Unusual value I notice one of the girls has a foot length (15cm) far smaller than any other girl I worry that this may be a mistake. It could be a measurement or recording mistake or perhaps this girl is much younger than 13 years. I wouldn’t expect a 13 year-old girl to have a foot size this small. I need to check her other measurements such as age, height etc. to further investigate this extreme value.

Gaps and clusters I notice the dots are stacked on whole numbers. This is because the foot lengths are measured to the nearest cm.

Gaps and clusters There is a gap in the girls’ group at 28cm and gaps in the boys’ group at 22 and 29cm.

Gaps and clusters Boys’ and girls’ foot length distributions back in the two populations would not have gaps at these same values. The gaps are in the sample due to the small size of the sample.

Sampling If a new random sample of year-old boys and a new random sample of year-old girls were taken I would expect the plots to look different because of sampling variability. With these sample sizes, I would expect each IQR spread to change slightly and that each box would be slightly further down or up the scale.

I wonder: if I repeated this sampling process many times the boys’ foot lengths would, just about always, be shifted further up the scale than the girls’ if boys tend to have a greater foot length than girls back in the two populations if the median foot length of boys really is greater than that of girls back in the two populations

Conclusion I notice that the distance between the medians is greater than 1/3 of the “overall visible spread”

Conclusion I am going to claim that the right foot lengths of 13 year- old New Zealand boys tend to be longer than the right foot lengths of 13 year-old New Zealand girls back in the two populations.
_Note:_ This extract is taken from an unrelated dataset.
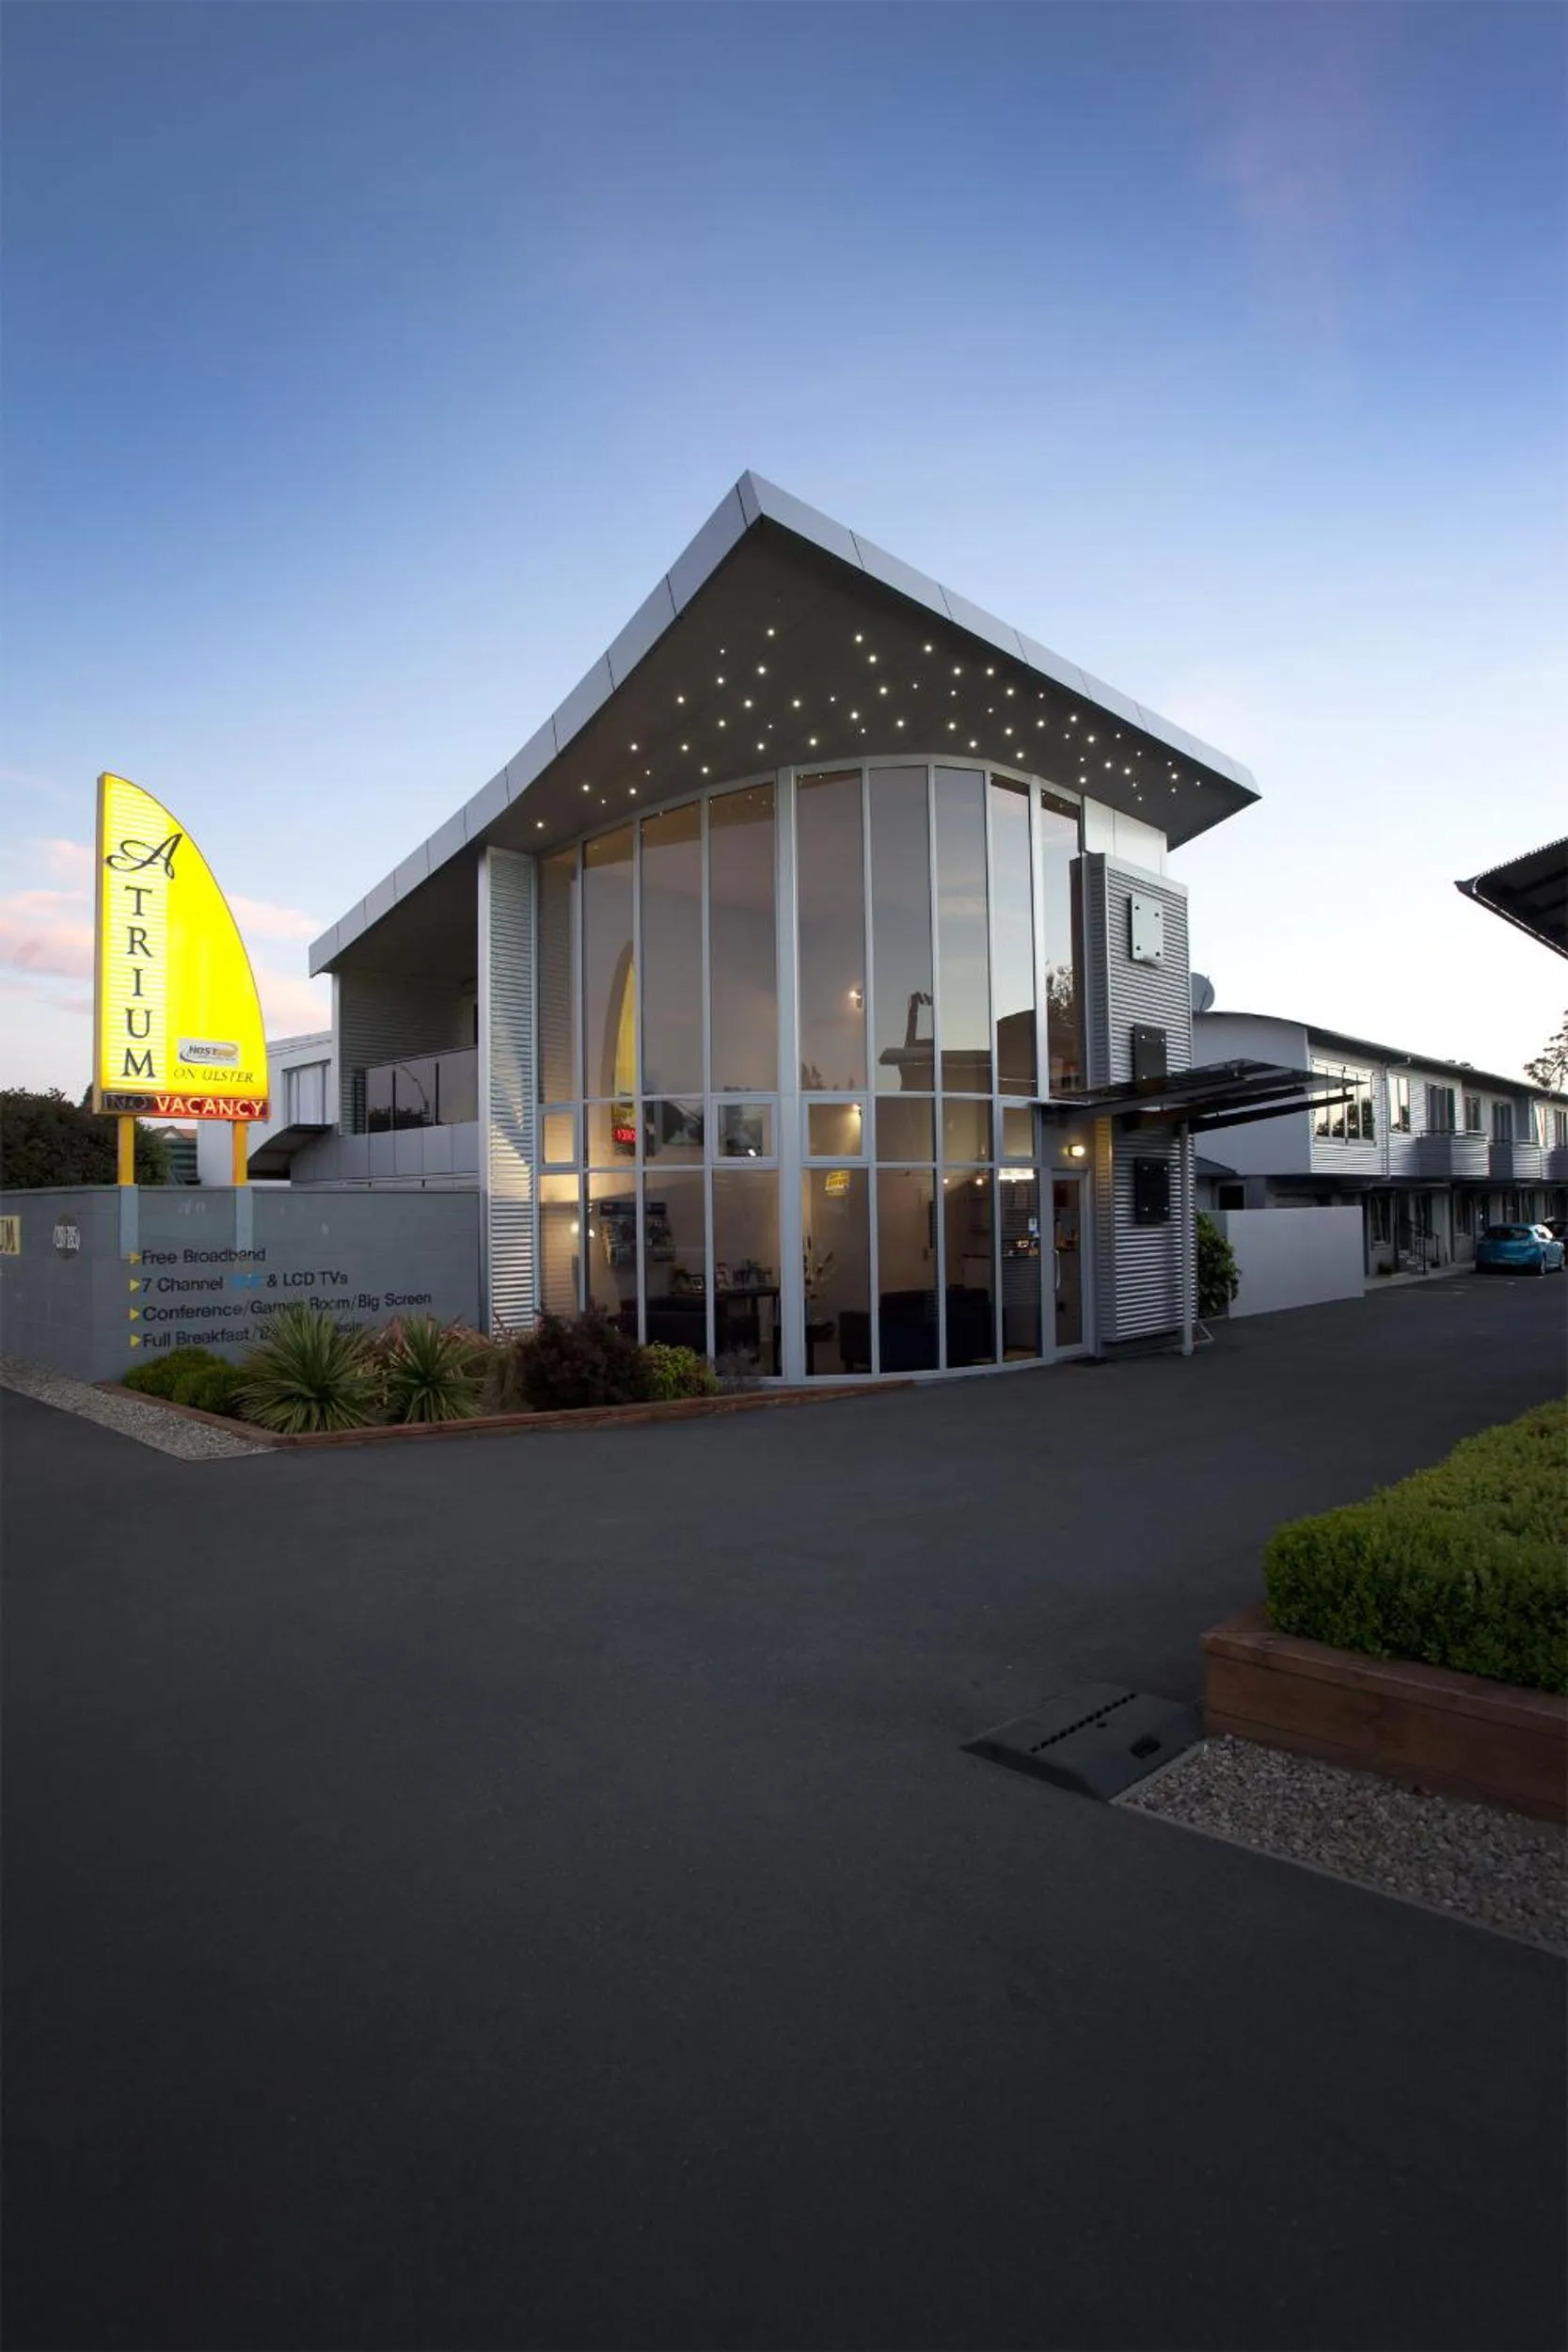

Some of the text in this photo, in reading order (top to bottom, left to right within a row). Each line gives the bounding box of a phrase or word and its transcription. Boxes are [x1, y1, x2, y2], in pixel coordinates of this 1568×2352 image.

I am prepared to make this call because, in my data, the distance between the boys’ and the girls’ median foot lengths is big relative to the overall visible spread. To make this call, with sample sizes of around 30, the difference between the two foot length medians needs to be more than about 1/3 of the overall visible spread. This is true for my data.

Conclusion I don’t believe that the pattern in my data of the boys tending to have longer foot lengths than the girls is just due to who happened to be randomly selected in the girls’ group and who happened to be randomly selected in the boys’ group, i.e., I don’t believe this data pattern has just happened by chance. I am prepared to claim that this pattern in the data is real, i.e., that this pattern persists back in the two populations.

Notes: We use ‘… right foot length …’ because the investigative question asks about the right foot length.

Notes: Using statistics there is always the possibility that the calls (decisions) that we make are wrong, i.e., we are making calls in the face of uncertainty. For example, we want to make a call on who tends to be taller (back in the two populations), 13 year-old boys or 13 year-old girls. We may make the call that it’s 13 year-old boys when in fact it’s girls who tend to be taller. Or, we may not want to make a call even though boys tend to be taller than girls..

Explanatory I expected that boys tend to have bigger feet than girls back in the populations and the information I collected (my data) supports this belief. I can’t think of any other factor which can explain the difference in foot size other than gender.

Notes: In this explanatory element we ask ourselves if our conclusion makes sense with what we know, i.e., whether our contextual knowledge matches our conclusions. We must try to think of other factors which may lead to alternative explanations when measuring foot lengths. These suggestions should also be present in the conclusion.